There is a certain belief that the next generation of consoles, particularly the Xbox 720 and the PlayStation 4, are going to have enough horsepower to drive a movie like Avatar. If not Avatar, then something that looks almost as good as that.
A recent article on Cinemablend quotes Chris Doran, the co-founder of Geometrics, a middleware company currently developing technology for the next generation of consoles, as saying that new consoles like the Xbox 720 and PlayStation 4 will offer graphics comparable to the James Cameron movie.
"I am confident that the lighting itself could get close to Avatar quality. Then the question moves onto other aspects of content creation. Is that level of modeling detail feasible, and will the animation, physics, and AI all be equally plausible," said Doran of his company’s upcoming engine, Enlighten.

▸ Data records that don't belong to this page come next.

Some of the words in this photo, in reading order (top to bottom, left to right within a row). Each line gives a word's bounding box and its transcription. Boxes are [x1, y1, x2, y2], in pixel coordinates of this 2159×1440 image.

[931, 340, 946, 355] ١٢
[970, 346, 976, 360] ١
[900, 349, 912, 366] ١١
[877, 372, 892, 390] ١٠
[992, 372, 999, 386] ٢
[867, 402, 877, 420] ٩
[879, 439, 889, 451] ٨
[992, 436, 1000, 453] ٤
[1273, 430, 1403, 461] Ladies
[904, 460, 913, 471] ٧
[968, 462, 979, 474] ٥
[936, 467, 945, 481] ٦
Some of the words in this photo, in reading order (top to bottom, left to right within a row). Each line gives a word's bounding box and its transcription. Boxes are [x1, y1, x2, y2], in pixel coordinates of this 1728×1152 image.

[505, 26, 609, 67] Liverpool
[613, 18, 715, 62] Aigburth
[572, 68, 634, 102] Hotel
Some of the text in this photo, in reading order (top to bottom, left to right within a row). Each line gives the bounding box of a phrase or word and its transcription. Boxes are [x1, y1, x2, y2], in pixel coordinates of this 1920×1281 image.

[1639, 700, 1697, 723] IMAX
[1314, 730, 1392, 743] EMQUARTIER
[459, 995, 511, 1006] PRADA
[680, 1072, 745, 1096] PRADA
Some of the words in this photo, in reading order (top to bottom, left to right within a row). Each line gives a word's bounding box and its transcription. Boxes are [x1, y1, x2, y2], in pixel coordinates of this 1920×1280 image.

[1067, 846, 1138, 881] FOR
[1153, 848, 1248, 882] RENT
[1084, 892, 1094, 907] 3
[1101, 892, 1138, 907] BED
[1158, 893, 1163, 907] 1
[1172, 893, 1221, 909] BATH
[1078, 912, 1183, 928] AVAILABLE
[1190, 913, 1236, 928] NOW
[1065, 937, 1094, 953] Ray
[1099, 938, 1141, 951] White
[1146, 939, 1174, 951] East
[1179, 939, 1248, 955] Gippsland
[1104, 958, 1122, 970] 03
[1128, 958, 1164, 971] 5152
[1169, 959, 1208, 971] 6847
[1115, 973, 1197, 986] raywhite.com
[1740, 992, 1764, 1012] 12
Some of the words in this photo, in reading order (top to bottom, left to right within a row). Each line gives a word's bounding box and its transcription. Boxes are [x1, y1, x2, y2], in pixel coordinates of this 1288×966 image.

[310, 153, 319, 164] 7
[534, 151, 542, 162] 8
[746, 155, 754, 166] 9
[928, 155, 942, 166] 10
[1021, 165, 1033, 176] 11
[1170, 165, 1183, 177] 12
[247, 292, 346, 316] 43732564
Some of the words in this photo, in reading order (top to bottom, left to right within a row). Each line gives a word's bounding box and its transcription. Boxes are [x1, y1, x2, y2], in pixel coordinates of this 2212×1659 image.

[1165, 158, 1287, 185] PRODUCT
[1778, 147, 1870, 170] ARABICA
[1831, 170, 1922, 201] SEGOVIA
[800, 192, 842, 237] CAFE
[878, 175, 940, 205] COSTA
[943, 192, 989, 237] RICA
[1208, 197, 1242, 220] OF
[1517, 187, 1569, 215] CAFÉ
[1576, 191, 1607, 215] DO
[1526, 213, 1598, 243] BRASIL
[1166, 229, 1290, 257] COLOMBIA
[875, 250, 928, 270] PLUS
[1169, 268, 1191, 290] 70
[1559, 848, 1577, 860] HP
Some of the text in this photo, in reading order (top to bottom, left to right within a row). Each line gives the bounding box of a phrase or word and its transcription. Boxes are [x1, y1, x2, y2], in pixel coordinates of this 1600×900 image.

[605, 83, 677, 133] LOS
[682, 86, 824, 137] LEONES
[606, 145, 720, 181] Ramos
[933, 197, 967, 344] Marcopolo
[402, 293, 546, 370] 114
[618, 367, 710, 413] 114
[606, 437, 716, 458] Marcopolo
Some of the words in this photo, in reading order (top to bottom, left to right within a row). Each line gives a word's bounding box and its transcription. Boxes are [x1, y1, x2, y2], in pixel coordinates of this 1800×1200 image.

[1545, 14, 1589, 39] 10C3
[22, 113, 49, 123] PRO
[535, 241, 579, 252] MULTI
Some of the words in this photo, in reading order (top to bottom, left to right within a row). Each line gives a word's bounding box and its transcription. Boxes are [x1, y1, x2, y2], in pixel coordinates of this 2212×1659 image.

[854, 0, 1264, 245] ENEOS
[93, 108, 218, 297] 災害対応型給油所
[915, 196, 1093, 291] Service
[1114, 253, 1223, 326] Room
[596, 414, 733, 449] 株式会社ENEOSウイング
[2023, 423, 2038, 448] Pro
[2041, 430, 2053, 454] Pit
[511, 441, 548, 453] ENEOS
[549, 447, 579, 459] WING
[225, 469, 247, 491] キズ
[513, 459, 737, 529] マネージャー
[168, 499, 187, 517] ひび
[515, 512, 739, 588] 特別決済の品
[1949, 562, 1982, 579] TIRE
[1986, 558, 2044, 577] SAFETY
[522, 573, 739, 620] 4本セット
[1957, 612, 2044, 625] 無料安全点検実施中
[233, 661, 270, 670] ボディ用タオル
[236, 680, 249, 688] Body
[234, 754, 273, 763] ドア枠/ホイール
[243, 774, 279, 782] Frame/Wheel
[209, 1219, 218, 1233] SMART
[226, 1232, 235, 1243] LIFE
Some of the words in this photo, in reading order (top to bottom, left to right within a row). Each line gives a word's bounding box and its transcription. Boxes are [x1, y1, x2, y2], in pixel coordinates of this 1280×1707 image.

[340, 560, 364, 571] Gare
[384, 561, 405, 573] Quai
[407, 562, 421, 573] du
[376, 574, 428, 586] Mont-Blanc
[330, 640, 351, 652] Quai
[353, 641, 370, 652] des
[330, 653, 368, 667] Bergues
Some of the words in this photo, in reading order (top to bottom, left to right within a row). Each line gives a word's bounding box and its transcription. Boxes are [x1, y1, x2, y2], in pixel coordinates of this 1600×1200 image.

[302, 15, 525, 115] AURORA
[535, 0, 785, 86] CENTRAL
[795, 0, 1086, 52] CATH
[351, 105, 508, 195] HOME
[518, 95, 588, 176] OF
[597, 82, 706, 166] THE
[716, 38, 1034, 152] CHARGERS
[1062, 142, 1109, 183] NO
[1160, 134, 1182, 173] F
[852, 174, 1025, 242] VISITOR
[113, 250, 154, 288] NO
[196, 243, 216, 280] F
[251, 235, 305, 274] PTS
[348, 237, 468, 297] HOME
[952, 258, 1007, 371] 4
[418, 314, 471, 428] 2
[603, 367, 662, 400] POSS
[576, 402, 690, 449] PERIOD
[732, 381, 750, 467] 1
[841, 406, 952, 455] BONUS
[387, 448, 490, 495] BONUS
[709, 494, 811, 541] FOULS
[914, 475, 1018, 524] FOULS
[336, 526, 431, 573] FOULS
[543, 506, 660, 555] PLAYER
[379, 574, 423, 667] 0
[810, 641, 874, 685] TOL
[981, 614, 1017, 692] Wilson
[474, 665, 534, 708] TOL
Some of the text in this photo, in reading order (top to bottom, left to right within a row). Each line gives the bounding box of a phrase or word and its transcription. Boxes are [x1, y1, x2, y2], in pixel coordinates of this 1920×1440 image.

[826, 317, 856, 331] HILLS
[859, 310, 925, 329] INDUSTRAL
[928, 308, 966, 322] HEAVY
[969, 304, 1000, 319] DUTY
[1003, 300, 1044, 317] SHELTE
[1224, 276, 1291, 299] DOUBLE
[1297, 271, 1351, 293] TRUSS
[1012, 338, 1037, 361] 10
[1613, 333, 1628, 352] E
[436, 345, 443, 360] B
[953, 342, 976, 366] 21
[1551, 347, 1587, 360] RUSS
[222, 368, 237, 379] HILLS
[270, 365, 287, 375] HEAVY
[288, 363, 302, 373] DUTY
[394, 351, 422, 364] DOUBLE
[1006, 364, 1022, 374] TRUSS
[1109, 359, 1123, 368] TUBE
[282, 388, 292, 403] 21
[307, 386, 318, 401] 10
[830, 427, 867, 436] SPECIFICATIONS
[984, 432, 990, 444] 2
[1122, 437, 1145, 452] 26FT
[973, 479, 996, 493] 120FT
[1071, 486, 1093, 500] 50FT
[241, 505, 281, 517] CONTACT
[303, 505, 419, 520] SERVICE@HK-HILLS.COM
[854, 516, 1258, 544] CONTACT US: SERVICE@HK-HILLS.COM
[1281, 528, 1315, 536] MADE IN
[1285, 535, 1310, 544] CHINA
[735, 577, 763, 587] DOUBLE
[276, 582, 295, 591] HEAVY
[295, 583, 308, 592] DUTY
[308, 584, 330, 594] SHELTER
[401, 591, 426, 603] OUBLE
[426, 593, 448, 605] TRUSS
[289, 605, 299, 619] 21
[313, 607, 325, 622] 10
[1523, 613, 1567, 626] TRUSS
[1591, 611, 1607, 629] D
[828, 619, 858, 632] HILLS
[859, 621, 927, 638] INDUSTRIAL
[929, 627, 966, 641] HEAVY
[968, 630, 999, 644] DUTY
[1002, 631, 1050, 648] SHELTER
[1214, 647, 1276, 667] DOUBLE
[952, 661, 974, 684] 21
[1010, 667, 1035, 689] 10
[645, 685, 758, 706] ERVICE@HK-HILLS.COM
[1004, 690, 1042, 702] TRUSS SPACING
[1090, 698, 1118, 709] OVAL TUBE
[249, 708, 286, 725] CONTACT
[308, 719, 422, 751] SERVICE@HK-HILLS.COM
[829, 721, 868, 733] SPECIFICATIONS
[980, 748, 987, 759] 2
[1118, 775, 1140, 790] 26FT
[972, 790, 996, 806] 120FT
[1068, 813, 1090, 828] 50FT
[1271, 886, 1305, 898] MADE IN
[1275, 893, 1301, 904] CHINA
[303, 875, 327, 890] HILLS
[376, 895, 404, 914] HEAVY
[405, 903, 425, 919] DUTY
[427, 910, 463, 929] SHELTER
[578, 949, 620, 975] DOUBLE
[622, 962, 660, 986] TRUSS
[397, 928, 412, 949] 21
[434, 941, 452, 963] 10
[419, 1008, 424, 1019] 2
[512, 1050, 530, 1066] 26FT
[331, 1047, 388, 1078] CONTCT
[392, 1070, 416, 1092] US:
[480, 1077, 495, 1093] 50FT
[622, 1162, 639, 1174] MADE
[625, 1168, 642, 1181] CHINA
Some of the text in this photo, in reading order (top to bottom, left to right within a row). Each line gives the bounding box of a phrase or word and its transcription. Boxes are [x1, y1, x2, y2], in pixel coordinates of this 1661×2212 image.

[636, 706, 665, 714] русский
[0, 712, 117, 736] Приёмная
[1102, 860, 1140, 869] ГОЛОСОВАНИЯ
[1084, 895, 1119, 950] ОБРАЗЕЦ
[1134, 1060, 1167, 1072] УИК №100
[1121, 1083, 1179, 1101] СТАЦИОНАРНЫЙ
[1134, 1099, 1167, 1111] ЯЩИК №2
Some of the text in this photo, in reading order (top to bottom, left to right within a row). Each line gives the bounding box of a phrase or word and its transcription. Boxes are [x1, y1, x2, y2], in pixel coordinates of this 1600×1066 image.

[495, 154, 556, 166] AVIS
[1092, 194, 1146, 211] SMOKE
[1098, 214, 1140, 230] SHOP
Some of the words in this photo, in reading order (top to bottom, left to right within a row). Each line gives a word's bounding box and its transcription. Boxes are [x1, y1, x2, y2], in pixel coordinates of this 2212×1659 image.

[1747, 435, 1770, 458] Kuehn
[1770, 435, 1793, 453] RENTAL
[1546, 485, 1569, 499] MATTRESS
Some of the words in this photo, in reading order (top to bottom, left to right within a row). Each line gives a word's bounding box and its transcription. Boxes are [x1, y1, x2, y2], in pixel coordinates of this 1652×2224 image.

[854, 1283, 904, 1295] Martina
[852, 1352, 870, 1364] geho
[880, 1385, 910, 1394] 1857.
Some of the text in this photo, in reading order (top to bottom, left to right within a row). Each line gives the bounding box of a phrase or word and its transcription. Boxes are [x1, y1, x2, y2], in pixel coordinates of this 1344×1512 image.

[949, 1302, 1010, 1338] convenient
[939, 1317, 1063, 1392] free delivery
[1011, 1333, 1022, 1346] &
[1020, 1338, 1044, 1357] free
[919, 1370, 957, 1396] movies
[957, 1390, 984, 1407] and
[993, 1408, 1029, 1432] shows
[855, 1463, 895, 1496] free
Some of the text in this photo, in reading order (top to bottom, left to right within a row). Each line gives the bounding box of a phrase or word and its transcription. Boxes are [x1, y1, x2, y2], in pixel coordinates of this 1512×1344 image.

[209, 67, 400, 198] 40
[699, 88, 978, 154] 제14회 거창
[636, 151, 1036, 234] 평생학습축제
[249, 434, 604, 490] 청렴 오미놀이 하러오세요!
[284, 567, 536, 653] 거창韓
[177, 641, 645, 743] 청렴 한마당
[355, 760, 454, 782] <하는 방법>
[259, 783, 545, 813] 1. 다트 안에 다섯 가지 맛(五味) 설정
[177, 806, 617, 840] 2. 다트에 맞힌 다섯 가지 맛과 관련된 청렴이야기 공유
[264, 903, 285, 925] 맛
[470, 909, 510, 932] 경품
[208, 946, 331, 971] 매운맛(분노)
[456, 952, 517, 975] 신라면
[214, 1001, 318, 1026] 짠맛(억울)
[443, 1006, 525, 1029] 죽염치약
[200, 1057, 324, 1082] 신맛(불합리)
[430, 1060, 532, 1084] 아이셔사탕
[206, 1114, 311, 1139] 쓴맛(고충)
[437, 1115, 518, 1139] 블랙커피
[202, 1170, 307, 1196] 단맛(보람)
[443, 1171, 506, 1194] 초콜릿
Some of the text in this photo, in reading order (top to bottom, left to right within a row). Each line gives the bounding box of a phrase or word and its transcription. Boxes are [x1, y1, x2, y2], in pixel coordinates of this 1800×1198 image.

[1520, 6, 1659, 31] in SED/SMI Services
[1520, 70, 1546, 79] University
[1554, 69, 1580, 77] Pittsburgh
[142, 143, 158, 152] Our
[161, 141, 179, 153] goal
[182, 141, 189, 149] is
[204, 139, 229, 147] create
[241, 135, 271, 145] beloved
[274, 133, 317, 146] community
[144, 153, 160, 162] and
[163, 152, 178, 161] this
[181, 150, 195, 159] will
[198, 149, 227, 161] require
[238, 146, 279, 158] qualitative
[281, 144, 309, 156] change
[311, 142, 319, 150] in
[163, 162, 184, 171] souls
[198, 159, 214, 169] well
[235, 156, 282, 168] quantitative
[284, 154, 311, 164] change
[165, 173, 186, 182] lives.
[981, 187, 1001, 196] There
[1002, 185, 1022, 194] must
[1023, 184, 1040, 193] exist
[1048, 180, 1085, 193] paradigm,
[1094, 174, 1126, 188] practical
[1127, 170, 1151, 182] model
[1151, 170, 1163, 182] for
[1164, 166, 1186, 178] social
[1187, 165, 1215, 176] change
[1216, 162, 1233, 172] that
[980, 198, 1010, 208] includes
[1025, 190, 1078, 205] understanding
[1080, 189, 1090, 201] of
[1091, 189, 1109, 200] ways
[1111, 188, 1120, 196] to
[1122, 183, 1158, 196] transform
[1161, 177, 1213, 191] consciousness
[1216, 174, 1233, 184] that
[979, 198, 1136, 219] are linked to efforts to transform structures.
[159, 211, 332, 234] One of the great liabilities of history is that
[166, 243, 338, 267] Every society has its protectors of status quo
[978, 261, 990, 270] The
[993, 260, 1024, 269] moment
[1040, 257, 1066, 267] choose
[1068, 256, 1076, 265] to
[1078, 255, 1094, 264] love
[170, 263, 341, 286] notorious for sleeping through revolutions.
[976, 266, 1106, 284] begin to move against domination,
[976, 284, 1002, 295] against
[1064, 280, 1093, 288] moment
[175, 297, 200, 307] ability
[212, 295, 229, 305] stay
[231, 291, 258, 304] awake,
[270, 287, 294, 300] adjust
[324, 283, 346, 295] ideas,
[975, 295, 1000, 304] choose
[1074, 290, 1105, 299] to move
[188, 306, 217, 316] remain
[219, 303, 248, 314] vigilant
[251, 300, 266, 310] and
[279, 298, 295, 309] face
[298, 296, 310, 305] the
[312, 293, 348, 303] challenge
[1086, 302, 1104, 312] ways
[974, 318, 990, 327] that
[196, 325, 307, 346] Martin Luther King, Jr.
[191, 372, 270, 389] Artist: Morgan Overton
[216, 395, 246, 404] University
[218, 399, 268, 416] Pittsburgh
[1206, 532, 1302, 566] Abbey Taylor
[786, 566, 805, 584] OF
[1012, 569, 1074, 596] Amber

Plausible? Maybe if you’re high on something Walter White cooked up.
Considering the fact that current generation computers, the highest of which have arguably better specs than any next-gen console, lack the power to put out Avatar-quality graphics, it’s a stretch to think, much less say out loud that the next generation of consoles will be capable of doing just that.
As it goes with every generation of consoles, the next batch will be developed with a variety of criteria in mind, of which affordability will play a huge factor. Don’t expect them to sport the most powerful graphics cards and CPUs.
For those not in the know, movies like Avatar and Wall-E aren’t rendered in real-time engines. A second’s worth of frames—which can include up to 60 frames, depending on the director’s preference—can take an hour to render on a single, high-end computer set up with the right equipment. To cut down on the processing time, filmmakers typically daisy chain a whole bunch of graphics cards and processors—or what’s known as a render farm—to do the rendering work simultaneously.
It’s a little known fact that James Cameron’s Avatar took the New Zealand-based Weta Digital an entire facility of HP blades to process the movie in its entirety. Their processing power includes 40,000 processors and 104 terabytes of RAM. Hardly the kind of thing you’d find on a $400 console.
Could the Xbox 720 and PS4 serve real-time graphics on par with Avatar? Not by a long shot—and not for a few decades, either.